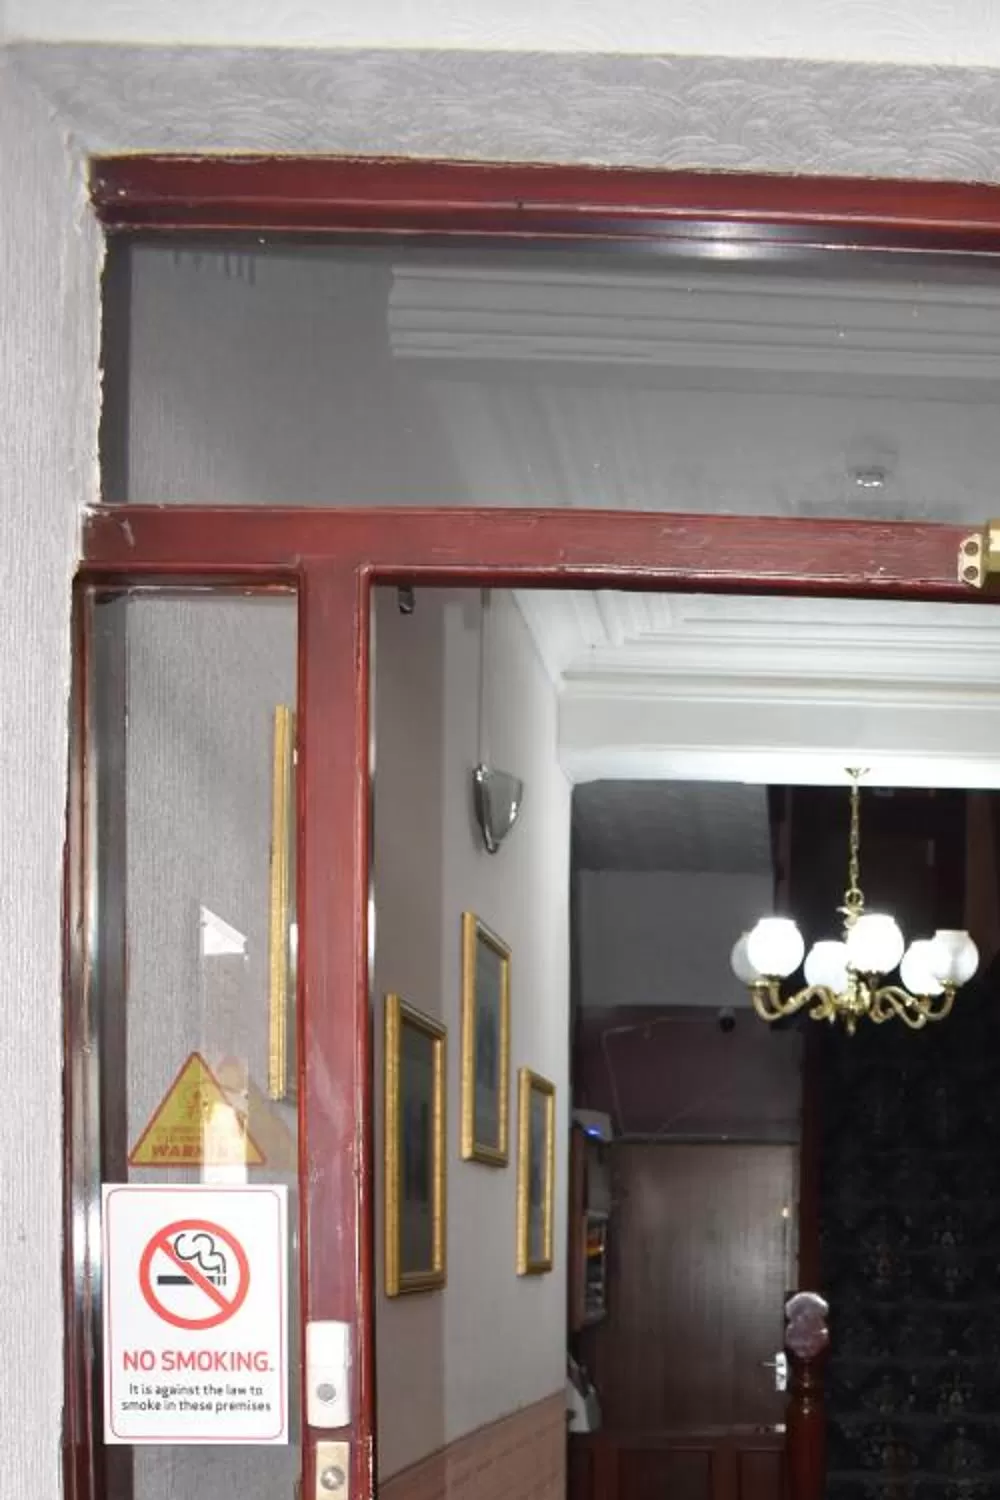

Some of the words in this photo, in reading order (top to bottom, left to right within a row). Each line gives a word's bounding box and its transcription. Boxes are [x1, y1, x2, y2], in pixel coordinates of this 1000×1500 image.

[123, 1350, 156, 1371] NO
[129, 1383, 139, 1395] It
[141, 1383, 153, 1395] is
[155, 1383, 200, 1398] against
[203, 1383, 223, 1395] the
[225, 1383, 247, 1395] law
[249, 1385, 263, 1395] to
[121, 1399, 161, 1411] smoke
[163, 1399, 177, 1411] in
[179, 1399, 213, 1411] these
[215, 1399, 271, 1414] premises
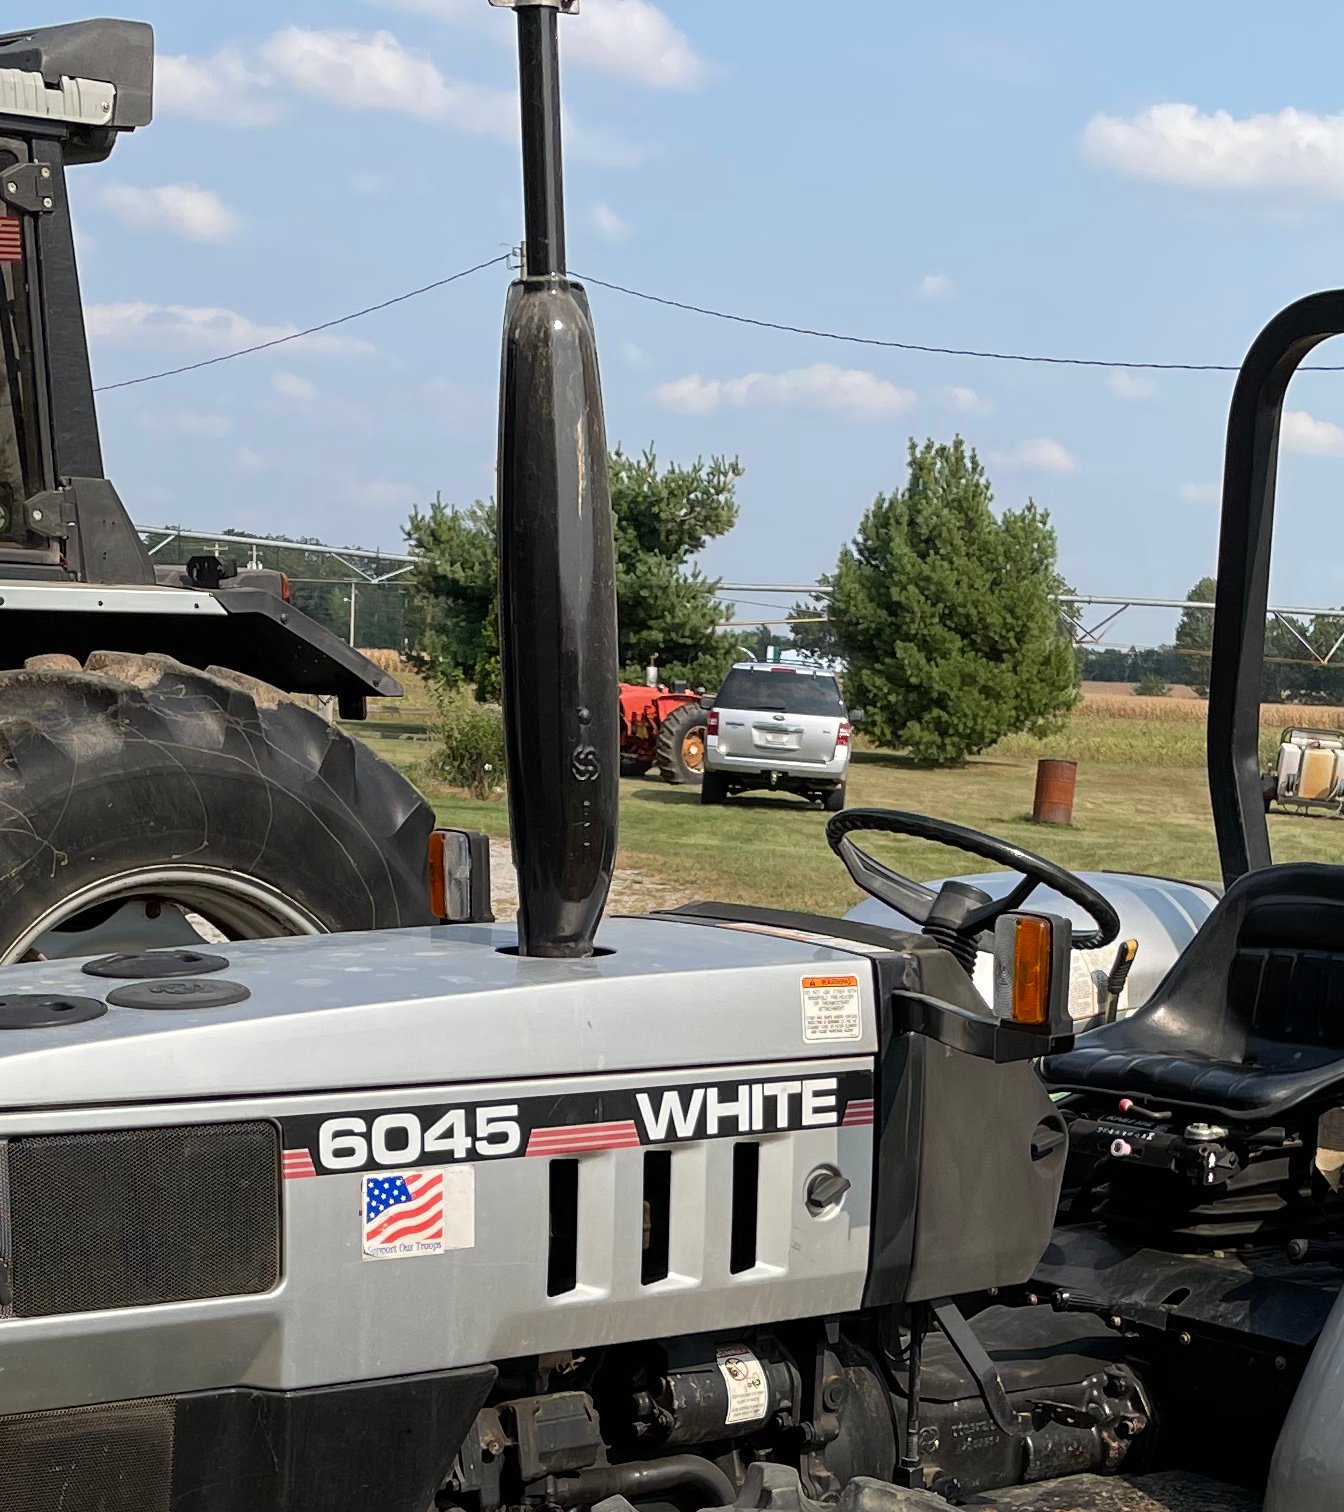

TASK TO COMPLETE ::
Your copy should hold every entry exactly as written, but none of the pictures.

FINISHED TASK ::
Some of the words in this photo, in reading order (top to bottom, left to right within a row). Each line gives a word's bounding box and its transcription. Boxes are [x1, y1, x2, y2], in pixel coordinates of this 1000×1500 image.

[123, 1350, 156, 1371] NO
[129, 1383, 139, 1395] It
[141, 1383, 153, 1395] is
[155, 1383, 200, 1398] against
[203, 1383, 223, 1395] the
[225, 1383, 247, 1395] law
[249, 1385, 263, 1395] to
[121, 1399, 161, 1411] smoke
[163, 1399, 177, 1411] in
[179, 1399, 213, 1411] these
[215, 1399, 271, 1414] premises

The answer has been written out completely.